First, let's understand how a unit works
This is a fighters stats:
HP 90
Attack 3
Carry 25
Range 1st row
Position 1st row
Speed 8
Upkeep 1 per hour
Let's take it line by line:
HP: These are how much damage the unit will take before it dies.
Attack: This is how much damage a unit deals each time it attacks (See the unit damage modifier thread for more info. You will deal more or less than this number based on who you are hitting)
Carry: This is the amount of each resource the troop can take. It is divided for things like Iron and Gold.
Range: This unit can only attack units in this, or lower, rows. It cannot attack units in rows behind it, until that row is empty.
Position: This is the row the unit occupies (see above)
Speed: How fast it moves on the overland Map
Upkeep: Food cost per hour.
More on Range and Position:
Think of arranging all the troops into 4 ranks. In the first rank is swords, hoplites, gladiators, cavalry. Second is archers, knights, carts. Third is helopolis, Catapults, and Towers. Fourth is buildings.
If something has 'range first rank' it can ONLY target those first rank units listed above. It can't attack any of the second rank units unless all the first rank units are dead.
If a unit has 'second rank' range, it can target either of the first two ranks, but CANNOT target the third rank until all troops in ranks 1 and two are dead. Once all troops in the target rank are dead, you can target only the rank directly behind it. If all those troops are also all dead, you can target the rank behind that, and so on.
Troops with position above 1st rank are less likely to be attacked in combat. Buildings are Always attacked last (But not towers)
Unit Attack Priority
In addition to the above restrictions on what a unit CAN attack, there is also the question of what it WILL attack. Each unit will *always* attempt to attack the opposing unit that it deals the most damage to. That's the most total damage, and has nothing to do with if it is tactically sound
EDIT: This has changed just a little bit. Previously, units will attack at random as described above, and choose a new random target each time they attack. Now they choose a target, and keep attacking that target until that stack is dead, and then new targets are chosen. This makes previously loss-less fights (where the damage is spread out evenly) to be high casualty raids. For example, a city that deals 1000 damage to 100 level 5 cavalry used to kill 1 or 2. Now it'll kill 5 pretty much every time.
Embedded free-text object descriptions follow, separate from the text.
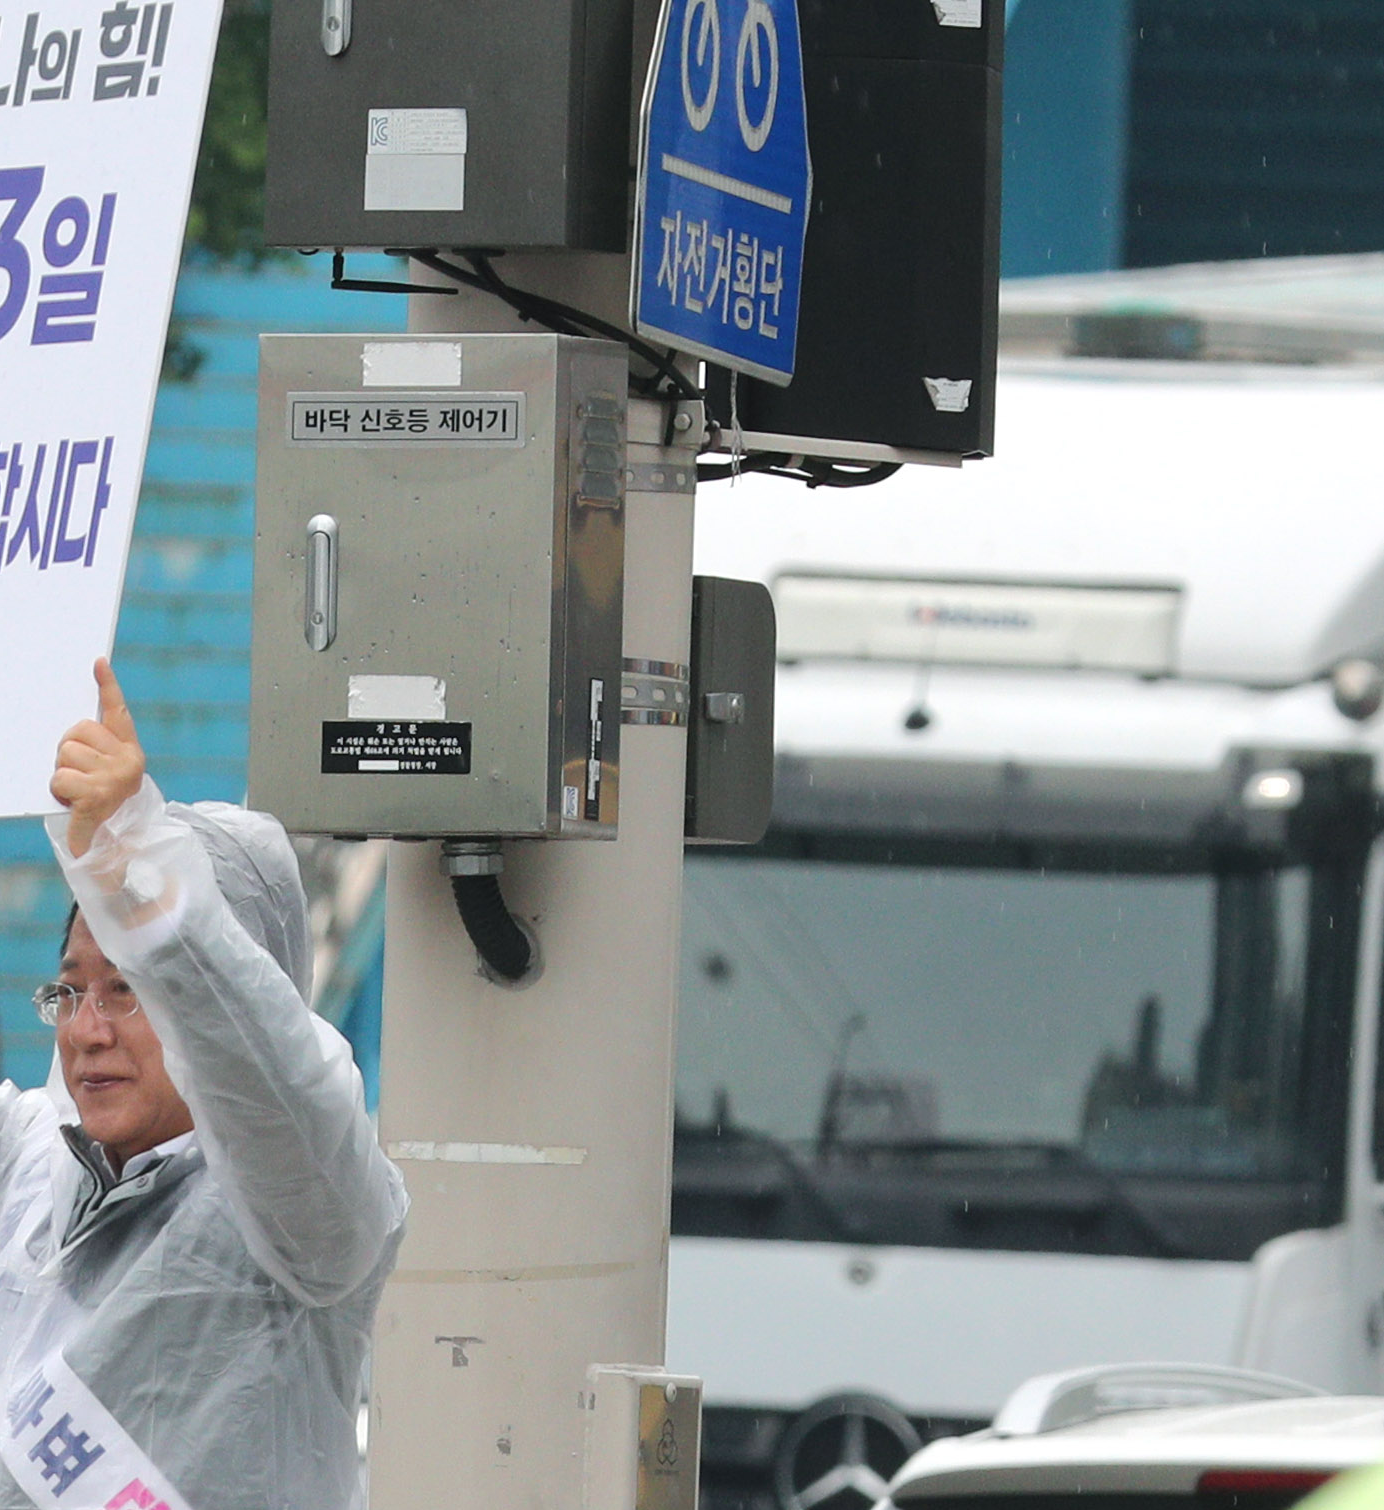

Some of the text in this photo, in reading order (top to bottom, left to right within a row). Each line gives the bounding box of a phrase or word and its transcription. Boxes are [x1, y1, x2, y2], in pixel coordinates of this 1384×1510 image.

[93, 1, 175, 102] 힘!
[656, 209, 784, 340] 자전거횡단
[304, 409, 507, 432] 바닥 신호등 제어기
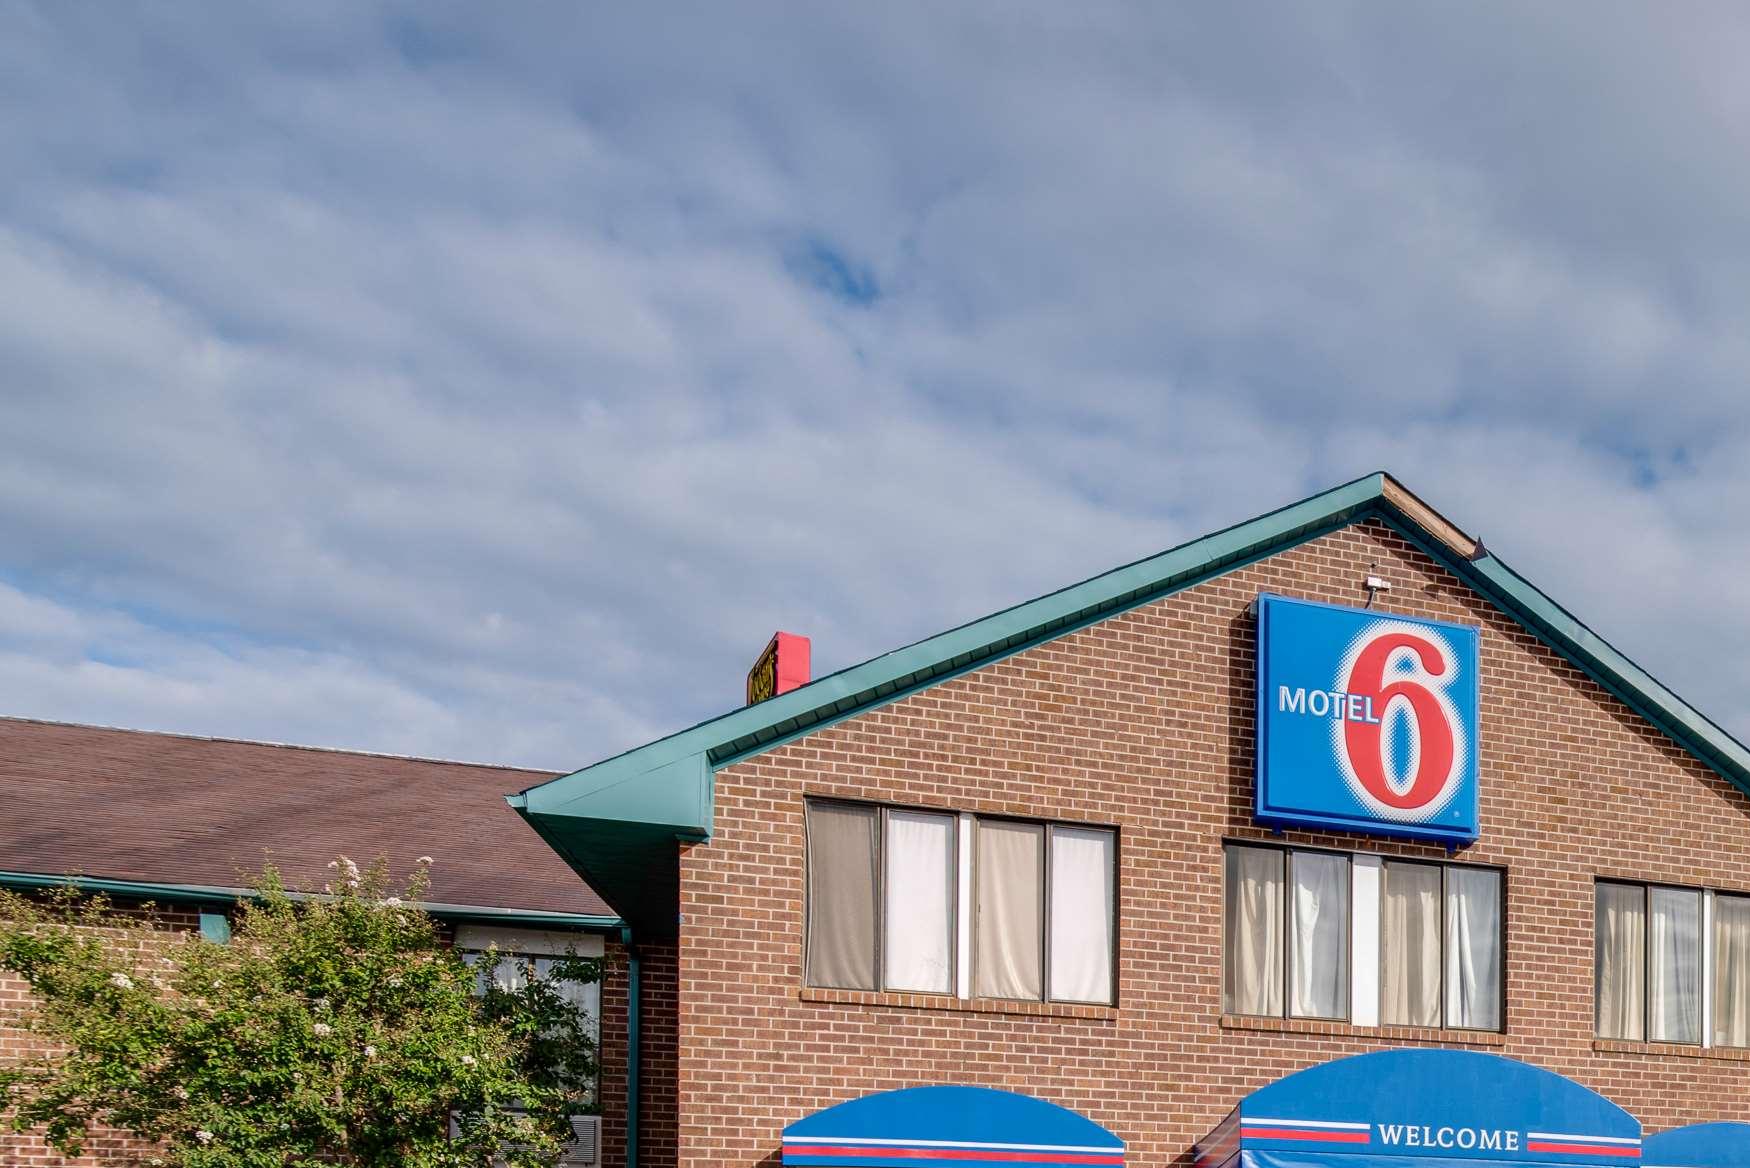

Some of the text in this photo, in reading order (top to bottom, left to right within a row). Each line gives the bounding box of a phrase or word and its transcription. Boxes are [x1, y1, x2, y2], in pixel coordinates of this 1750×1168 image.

[1279, 632, 1454, 810] MOTEL 6
[1377, 1123, 1520, 1152] WELCOME
Units will attack whoever they can hurt the most in combat, and ignore the rest
Splash Damage
Some units do splash damage. This means they hit more than one stack at a time. Archers hit 3, towers hit 4 (base) and Helopolis hit 5. The additional targets for these units follows the targeting above. Note that towers deal more damage to archers than swordsmen. So if you attack with both swords and archers against an opponent, expect for your archers to die a lot. Don't send archers on raids against towered cities! Note that the Spiked Barricade upgrade increases the number of splash targets for all your buildings.
EDIT: The technology "Hanzo Formation" Helps your gladiators, swordsmen, and fighters shrug off some splash damage. This reduces the damage dealt to targets beyond the first. So if an archer attacks three targets, target 1 recieves 100%, target 2 receives 95%, and target 3 receives 95% (Hanzo level 1). This is a very good tech, especially for Gladiator based armies. This does NOT change the targeting priority of archers or other splash damage units. They will target just as if Hanzo Formation didn't exist.